■ **WORK REQUIRED**
Nothing but the lines from the one containing "this 1330×1497 image." to the end of the records below should be output, each exactly as written.

Spatial localization data

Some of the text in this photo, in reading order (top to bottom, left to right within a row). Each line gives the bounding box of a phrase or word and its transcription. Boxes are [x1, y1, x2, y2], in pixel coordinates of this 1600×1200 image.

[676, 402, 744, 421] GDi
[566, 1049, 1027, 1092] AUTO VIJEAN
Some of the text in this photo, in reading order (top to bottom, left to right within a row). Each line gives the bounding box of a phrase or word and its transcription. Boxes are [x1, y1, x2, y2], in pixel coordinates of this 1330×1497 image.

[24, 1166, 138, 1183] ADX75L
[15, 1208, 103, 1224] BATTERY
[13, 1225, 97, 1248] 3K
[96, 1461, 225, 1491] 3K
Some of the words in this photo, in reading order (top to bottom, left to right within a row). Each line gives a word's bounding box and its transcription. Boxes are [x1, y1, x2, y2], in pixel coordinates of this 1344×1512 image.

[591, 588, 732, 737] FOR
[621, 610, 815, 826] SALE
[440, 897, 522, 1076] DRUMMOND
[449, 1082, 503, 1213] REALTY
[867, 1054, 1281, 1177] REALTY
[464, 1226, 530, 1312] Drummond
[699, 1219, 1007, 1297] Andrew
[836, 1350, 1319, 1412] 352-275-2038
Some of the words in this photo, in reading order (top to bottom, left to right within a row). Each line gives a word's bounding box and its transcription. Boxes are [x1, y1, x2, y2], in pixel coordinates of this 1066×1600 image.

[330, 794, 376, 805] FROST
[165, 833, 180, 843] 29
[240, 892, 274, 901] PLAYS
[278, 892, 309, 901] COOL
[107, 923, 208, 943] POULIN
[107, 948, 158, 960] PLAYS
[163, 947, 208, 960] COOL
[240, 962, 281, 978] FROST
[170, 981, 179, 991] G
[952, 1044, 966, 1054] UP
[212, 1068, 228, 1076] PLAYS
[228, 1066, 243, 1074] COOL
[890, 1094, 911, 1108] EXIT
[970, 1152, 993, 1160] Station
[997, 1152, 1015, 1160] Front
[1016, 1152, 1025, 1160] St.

■ **RESPONSE AREA**
Some of the text in this photo, in reading order (top to bottom, left to right within a row). Each line gives the bounding box of a phrase or word and its transcription. Boxes are [x1, y1, x2, y2], in pixel coordinates of this 1330×1497 image.

[24, 1166, 138, 1183] ADX75L
[15, 1208, 103, 1224] BATTERY
[13, 1225, 97, 1248] 3K
[96, 1461, 225, 1491] 3K
Some of the words in this photo, in reading order (top to bottom, left to right within a row). Each line gives a word's bounding box and its transcription. Boxes are [x1, y1, x2, y2], in pixel coordinates of this 1344×1512 image.

[591, 588, 732, 737] FOR
[621, 610, 815, 826] SALE
[440, 897, 522, 1076] DRUMMOND
[449, 1082, 503, 1213] REALTY
[867, 1054, 1281, 1177] REALTY
[464, 1226, 530, 1312] Drummond
[699, 1219, 1007, 1297] Andrew
[836, 1350, 1319, 1412] 352-275-2038
Some of the words in this photo, in reading order (top to bottom, left to right within a row). Each line gives a word's bounding box and its transcription. Boxes are [x1, y1, x2, y2], in pixel coordinates of this 1066×1600 image.

[330, 794, 376, 805] FROST
[165, 833, 180, 843] 29
[240, 892, 274, 901] PLAYS
[278, 892, 309, 901] COOL
[107, 923, 208, 943] POULIN
[107, 948, 158, 960] PLAYS
[163, 947, 208, 960] COOL
[240, 962, 281, 978] FROST
[170, 981, 179, 991] G
[952, 1044, 966, 1054] UP
[212, 1068, 228, 1076] PLAYS
[228, 1066, 243, 1074] COOL
[890, 1094, 911, 1108] EXIT
[970, 1152, 993, 1160] Station
[997, 1152, 1015, 1160] Front
[1016, 1152, 1025, 1160] St.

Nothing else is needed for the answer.